The Third History – What Happened To Captain Jack White’s papers?


“The Burning” – PDF here– is a full length play written about the circumstances surrounding the destruction Captain Jack White’s papers following his death in Broughshane, Co. Antrim in 1946. White, as many people will know, was one of the more well known figures in Irish history that identified with anarchism. The only son of British Boer War hero, Sir George Stuart White (“The Hero Of Ladysmith”), he was assured a bright future in the upper echelons of the British military until his conscience intervened and he resigned his commission.Breaking with family, he gravitated to political activism and the revolutionary left. His baptism of fire was the Great Lockout in Dublin in 1913, where he worked alongside Larkin and Connolly and proposed the idea of the Irish Citizen Army. Of Protestant “stock”, he was active in the fight against imperialism, reserving particular vitriol for the “Orange” state formed in the north of Ireland after partition in 1922.

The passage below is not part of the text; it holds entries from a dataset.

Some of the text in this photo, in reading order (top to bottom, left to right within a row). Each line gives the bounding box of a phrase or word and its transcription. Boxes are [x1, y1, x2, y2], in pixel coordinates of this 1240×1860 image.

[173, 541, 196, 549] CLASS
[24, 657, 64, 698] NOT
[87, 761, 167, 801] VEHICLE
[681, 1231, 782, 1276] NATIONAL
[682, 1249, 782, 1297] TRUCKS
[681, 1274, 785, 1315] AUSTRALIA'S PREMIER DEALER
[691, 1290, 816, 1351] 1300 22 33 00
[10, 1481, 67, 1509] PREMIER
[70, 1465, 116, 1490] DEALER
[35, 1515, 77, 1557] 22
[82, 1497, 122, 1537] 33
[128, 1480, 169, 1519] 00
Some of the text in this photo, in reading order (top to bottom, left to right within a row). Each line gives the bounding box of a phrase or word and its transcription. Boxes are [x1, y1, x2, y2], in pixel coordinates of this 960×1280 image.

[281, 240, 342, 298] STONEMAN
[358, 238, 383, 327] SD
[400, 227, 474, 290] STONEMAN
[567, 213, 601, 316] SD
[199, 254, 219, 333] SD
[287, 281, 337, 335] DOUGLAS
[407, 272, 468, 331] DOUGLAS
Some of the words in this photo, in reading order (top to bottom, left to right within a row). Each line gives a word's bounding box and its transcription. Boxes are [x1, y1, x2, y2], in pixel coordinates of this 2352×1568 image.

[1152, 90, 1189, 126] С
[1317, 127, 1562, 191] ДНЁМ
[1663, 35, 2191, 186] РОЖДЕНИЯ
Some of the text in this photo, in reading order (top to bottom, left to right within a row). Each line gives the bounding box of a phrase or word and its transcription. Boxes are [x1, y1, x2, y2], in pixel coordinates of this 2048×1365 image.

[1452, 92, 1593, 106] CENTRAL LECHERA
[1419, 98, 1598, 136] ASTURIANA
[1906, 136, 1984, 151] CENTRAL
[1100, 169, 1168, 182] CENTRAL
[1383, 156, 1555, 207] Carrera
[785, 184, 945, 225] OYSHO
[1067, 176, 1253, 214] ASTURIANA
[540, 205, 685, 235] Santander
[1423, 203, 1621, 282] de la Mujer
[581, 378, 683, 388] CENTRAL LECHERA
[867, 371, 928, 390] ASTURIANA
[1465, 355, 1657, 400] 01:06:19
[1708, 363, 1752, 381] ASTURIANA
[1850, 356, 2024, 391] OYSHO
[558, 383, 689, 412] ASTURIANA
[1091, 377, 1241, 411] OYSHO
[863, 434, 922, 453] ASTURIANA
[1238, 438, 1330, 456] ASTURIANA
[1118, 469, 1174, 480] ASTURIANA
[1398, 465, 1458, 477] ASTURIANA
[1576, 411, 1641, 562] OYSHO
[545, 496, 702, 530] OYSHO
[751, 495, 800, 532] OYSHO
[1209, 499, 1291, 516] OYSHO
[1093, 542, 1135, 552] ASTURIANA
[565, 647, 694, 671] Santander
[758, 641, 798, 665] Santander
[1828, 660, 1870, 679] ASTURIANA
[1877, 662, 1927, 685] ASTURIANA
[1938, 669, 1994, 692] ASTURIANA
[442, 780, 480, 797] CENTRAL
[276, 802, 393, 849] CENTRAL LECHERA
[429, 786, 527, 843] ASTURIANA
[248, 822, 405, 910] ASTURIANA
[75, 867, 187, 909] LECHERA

White’s involvement with the Left in Ireland and the UK was constant throughout the 20’s and 30’s, but it was not until he went to Spain in 1936 that he became an anarchist. He was very active in London in the organisation and newspaper Spain And The World and wrote The Meaning Of Anarchism; an article that sought to provide balanced assessment of the upheaval in revolutionary Spain. He spoke and wrote positively of anarchism and felt it was a set of ideas closest to his own sentiment – this at a time when anarchism had few proponents in Ireland.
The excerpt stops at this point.